Ah, a hecatombe, o sacrifício,
o holocausto, a lâmina que aprofunda, o moedor que
contorce o músculo da face, a soda cáustica
que penetra o fundo do olho aberto, do poro aberto, do cu
aberto... Juro que não saberia optar, inspirado pela
já tão famosa antologia Jogos Mortais,
por qual buraco estraçalhar. Jigsaw riria
da minha indecisão, certamente: não há
espaço para titubear diante das atrocidades ocorridas
em detrimento das leis morais que regem a totalidade do
bem humano. Teleologia jigsawiana, diriam os mais
apressados.
Mas penso que a algo dialética
proposta do nosso herói é de um moralismo
sem tamanho. Ele resolve que vai jogar e brincar e torturar
e liquefazer uma moça porque ela se droga, outra
porque não se dá bem com o marido, um outro
rapaz porque sofre com a perda do filho e com isso não
vive bem a vida... Etc. etc. etc. Fico imaginando o que
não faria com toda uma gama de intelectuais taciturnos
(dos quais poderia citar muitos melancólicos e até
mesmo outros instigadores da revolução dos
costumes) o nosso triunfante serial.

A verdade é que o grande
Jig é a personificação que o
raciocínio técnico impecavelmente cria para
escamotear sua necessidade de romper a barreira inevitável
da morte. E de fingir fazer do bem a sua meta. É
o triunfo da lógica sobre a morte, em representação.
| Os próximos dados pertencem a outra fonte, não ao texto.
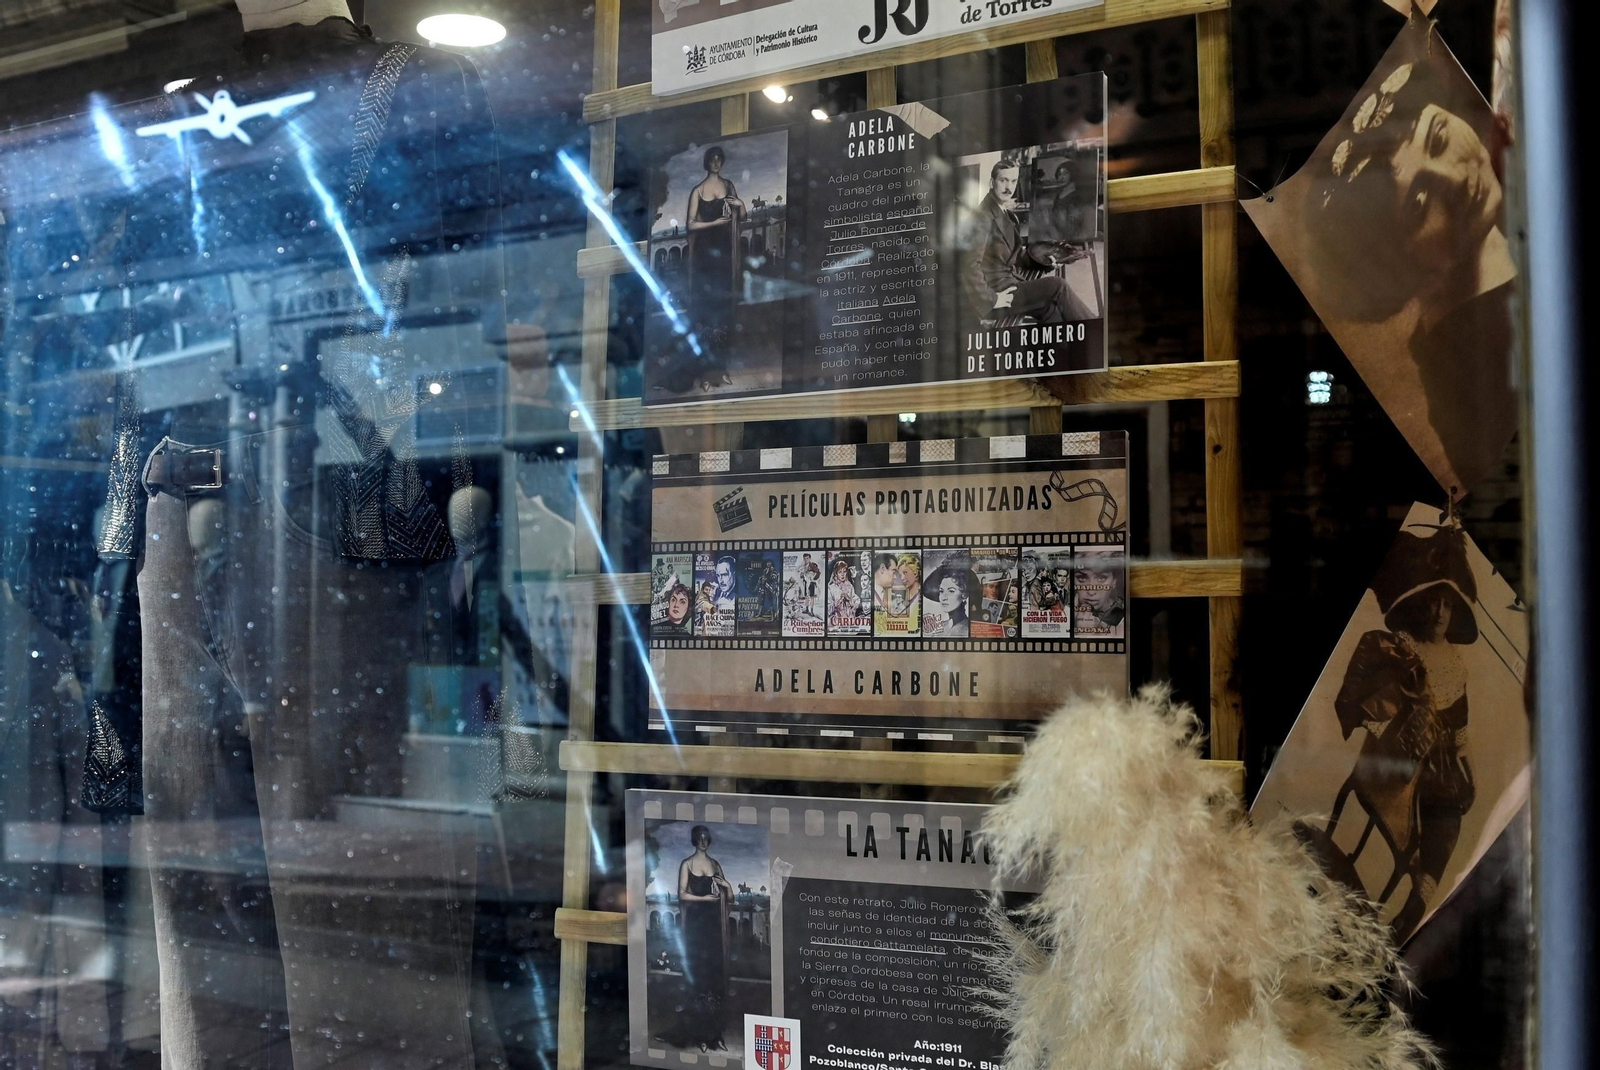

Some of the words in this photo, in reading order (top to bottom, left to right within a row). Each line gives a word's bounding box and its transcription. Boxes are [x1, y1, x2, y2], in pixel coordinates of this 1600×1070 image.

[960, 5, 982, 24] de
[985, 0, 1052, 18] Torres
[755, 30, 787, 44] Delegación
[787, 27, 796, 36] de
[797, 24, 818, 35] Cultura
[709, 36, 753, 55] AYUNTAMIENTO
[755, 47, 760, 56] y
[760, 40, 791, 53] Patrimonio
[792, 35, 818, 46] Histórico
[709, 56, 717, 65] DE
[717, 49, 746, 63] CÓRDOBA
[848, 116, 894, 139] ADELA
[848, 132, 915, 159] CARBONE
[828, 172, 859, 185] Adela
[920, 162, 930, 171] la
[837, 184, 884, 197] Tanagra
[887, 182, 902, 190] es
[906, 178, 921, 187] un
[828, 200, 868, 213] cuadro
[872, 196, 890, 206] del
[893, 191, 929, 205] pintor
[824, 210, 883, 227] simbolista
[886, 203, 934, 219] español
[830, 226, 857, 240] Julio
[861, 222, 907, 236] Romero
[911, 220, 926, 230] de
[871, 237, 911, 249] nacido
[915, 235, 930, 244] en
[878, 248, 935, 263] Realizado
[816, 275, 831, 284] en
[835, 271, 857, 282] 1911,
[861, 263, 927, 279] representa
[931, 263, 939, 271] a
[820, 288, 829, 298] la
[833, 284, 866, 297] actriz
[870, 284, 877, 294] y
[881, 278, 935, 291] escritora
[837, 298, 879, 311] italiana
[882, 293, 916, 306] Adela
[831, 312, 884, 326] Carbone,
[889, 308, 921, 320] quien
[819, 327, 859, 340] estaba
[863, 322, 915, 336] afincada
[919, 322, 934, 331] en
[967, 330, 1011, 351] JULIO
[1020, 323, 1085, 346] ROMERO
[815, 343, 860, 356] España,
[864, 343, 871, 352] y
[875, 340, 897, 350] con
[901, 337, 911, 346] la
[915, 336, 939, 346] que
[822, 357, 850, 371] pudo
[854, 354, 888, 368] haber
[893, 351, 931, 363] tenido
[967, 355, 985, 373] DE
[994, 348, 1055, 371] TORRES
[834, 373, 848, 382] un
[852, 368, 907, 381] romance.
[768, 488, 866, 519] PELÍCULAS
[875, 484, 1053, 515] PROTAGONIZADAS
[830, 616, 872, 627] CARLOTA
[754, 668, 834, 694] ADELA
[854, 670, 979, 697] CARBONE
[846, 824, 878, 858] LA
[799, 892, 821, 902] Con
[824, 895, 849, 905] este
[853, 897, 896, 909] retrato,
[900, 899, 927, 911] Julio
[930, 902, 976, 914] Romero
[808, 907, 825, 917] las
[828, 908, 862, 920] señas
[866, 911, 879, 921] de
[883, 913, 937, 925] identidad
[941, 916, 955, 926] de
[959, 918, 969, 928] la
[807, 920, 840, 932] incluir
[842, 923, 872, 935] junto
[886, 927, 913, 938] ellos
[916, 929, 926, 939] el
[810, 935, 870, 949] condotiero
[799, 947, 831, 959] fondo
[834, 950, 849, 960] de
[852, 951, 861, 961] la
[865, 953, 940, 968] composición,
[944, 960, 959, 969] un
[802, 961, 811, 970] la
[815, 961, 848, 973] Sierra
[851, 964, 913, 979] Cordobesa
[917, 972, 938, 982] con
[942, 973, 953, 983] el
[800, 976, 807, 985] y
[810, 976, 857, 989] cipreses
[860, 980, 875, 990] de
[878, 981, 888, 991] la
[892, 983, 919, 993] casa
[923, 985, 938, 996] de
[811, 990, 824, 998] en
[828, 989, 879, 1003] Córdoba.
[882, 996, 898, 1005] Un
[902, 998, 930, 1009] rosal
[811, 1003, 847, 1014] enlaza
[851, 1005, 860, 1015] el
[864, 1007, 908, 1021] primero
[911, 1012, 933, 1023] con
[937, 1014, 954, 1025] los
[914, 1039, 962, 1053] Año:1911
[827, 1044, 885, 1059] Colección
[888, 1051, 932, 1064] privada
[936, 1056, 955, 1067] del
[958, 1058, 976, 1069] Dr.
Por isso que não deixa de ser sintomático
que até morto (mesmo quase) o protagonista das películas
Jogos Mortais consiga trucidar.
A parte mortal dos jogos não
assusta, na verdade. Só quando não ultrapassa
o efeito mortal é que começa a deixar assombros
no que as mutilações são muito
mais assustadoras do que as mortes, já que predispõem
a vida alterada pela via da dor extremada e crônica.
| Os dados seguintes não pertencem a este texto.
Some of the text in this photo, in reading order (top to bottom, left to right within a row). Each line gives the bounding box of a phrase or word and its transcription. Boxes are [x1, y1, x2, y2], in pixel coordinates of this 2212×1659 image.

Em termos também de lembrança. A pressão
psicológica imposta deduz, antes que a morte, a terrível
continuação do confinamento aleijante. É
provavelmente quando existem as tradicionais automutilações
do filme seus momentos mais assombrosos.

Se, ainda como em Octávio
Paz, pensássemos que a morte e a vida são
contrários que se complementam, ambas (...) metades
de uma esfera que nós, sujeitos ao tempo e ao espaço,
só podemos vislumbrar, estaríamos reconhecendo
a relatividade de esferas que nos acostumamos a considerar
absolutas, baseados na física clássica. Até
Einstein e os seus pares entrariam nessa história,
se não fosse pelo fato de que já teriam sido
um alvo fácil da mente deveras fértil do nosso
perfeito criminoso.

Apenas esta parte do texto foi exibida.